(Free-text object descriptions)

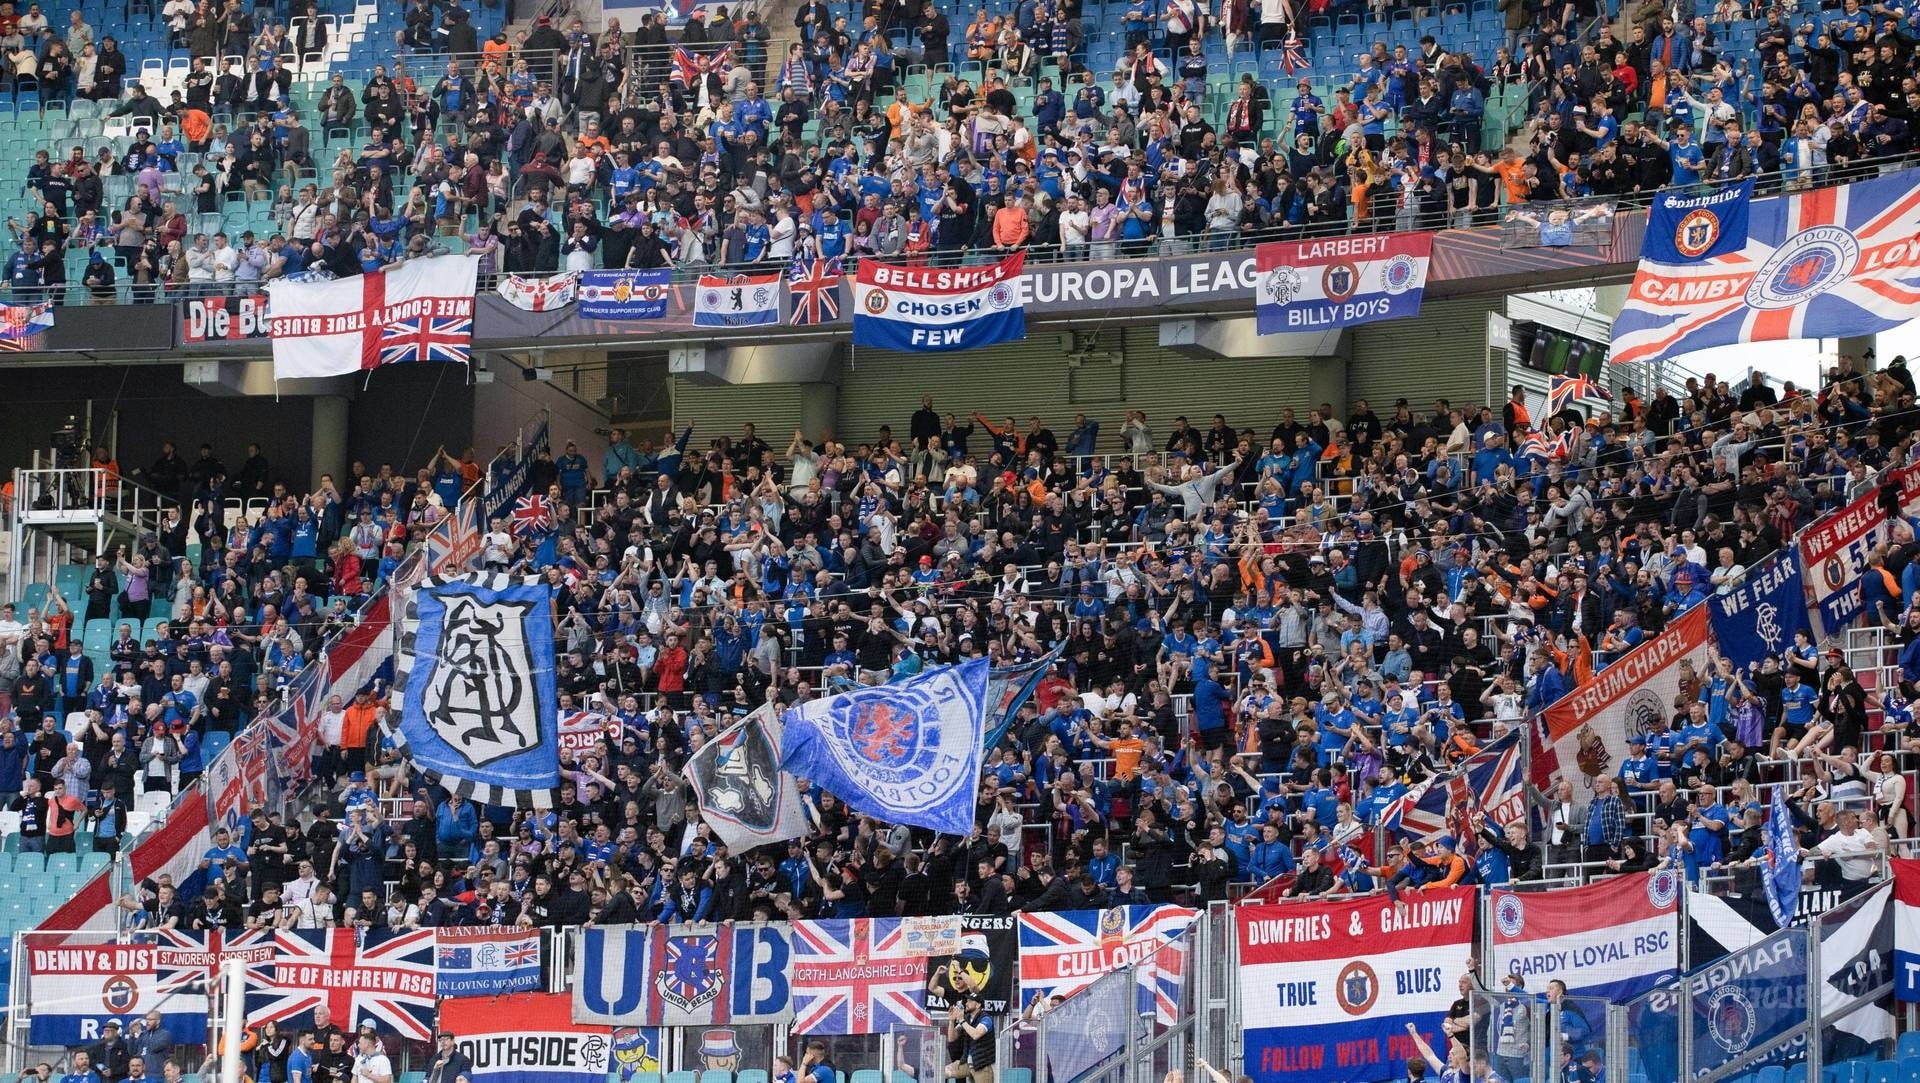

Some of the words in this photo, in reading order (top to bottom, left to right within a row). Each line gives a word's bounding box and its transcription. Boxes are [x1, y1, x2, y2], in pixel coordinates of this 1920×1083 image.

[1298, 236, 1390, 260] LARBERT
[1796, 229, 1855, 260] FOOTBALL
[874, 266, 1006, 290] BELLSHILL
[1020, 268, 1159, 304] EUROPA
[1170, 258, 1256, 296] LEAG
[1640, 277, 1747, 302] CAMBY
[189, 300, 230, 338] Die
[239, 299, 271, 334] Bu
[373, 301, 432, 326] COUNTY
[437, 300, 470, 316] WEE
[897, 298, 981, 317] CHOSEN
[1288, 304, 1341, 326] BILLY
[1344, 298, 1390, 321] BOYS
[273, 318, 321, 336] BLUES
[327, 312, 366, 332] TRUE
[911, 328, 965, 346] FEW
[485, 464, 527, 516] BALLINGRY
[1806, 534, 1833, 557] WE
[1720, 588, 1750, 618] WE
[1752, 557, 1797, 602] FEAR
[1828, 589, 1862, 620] THE
[1571, 629, 1688, 720] DRUMCHAPEL
[557, 719, 621, 748] CRRICK
[1794, 890, 1842, 917] LLANT
[438, 927, 471, 937] ALAN
[961, 917, 1014, 930] NGERS
[1249, 914, 1331, 945] DUMFRIES
[1349, 911, 1364, 937] &
[1381, 898, 1463, 933] GALLOWAY
[35, 950, 98, 971] DENNY
[98, 952, 111, 970] &
[161, 952, 171, 963] ST
[173, 952, 216, 966] ANDREWS
[218, 950, 253, 962] CHOSEN
[255, 949, 272, 962] FEW
[1509, 952, 1567, 976] GARDY
[1573, 941, 1629, 968] LOYAL
[1635, 931, 1669, 956] RSC
[300, 967, 319, 985] OF
[322, 969, 398, 990] RENFREW
[399, 971, 431, 996] RSC
[438, 981, 448, 989] IN
[450, 979, 490, 991] LOVING
[492, 974, 540, 989] MEMORY
[583, 928, 645, 1016] U
[732, 926, 790, 1016] B
[828, 964, 897, 981] LANCASHIRE
[663, 988, 689, 1009] UNION
[691, 987, 717, 1008] BEARS
[1277, 981, 1317, 1007] TRUE
[1396, 967, 1441, 995] BLUES
[983, 1000, 1007, 1012] EW
[456, 1036, 577, 1067] OUTHSIDE
[1261, 1044, 1325, 1072] FOLLOW

• How to complete this task
Pull out all lines in the data above that include "BLUES".

• The answer
[273, 318, 321, 336] BLUES
[1396, 967, 1441, 995] BLUES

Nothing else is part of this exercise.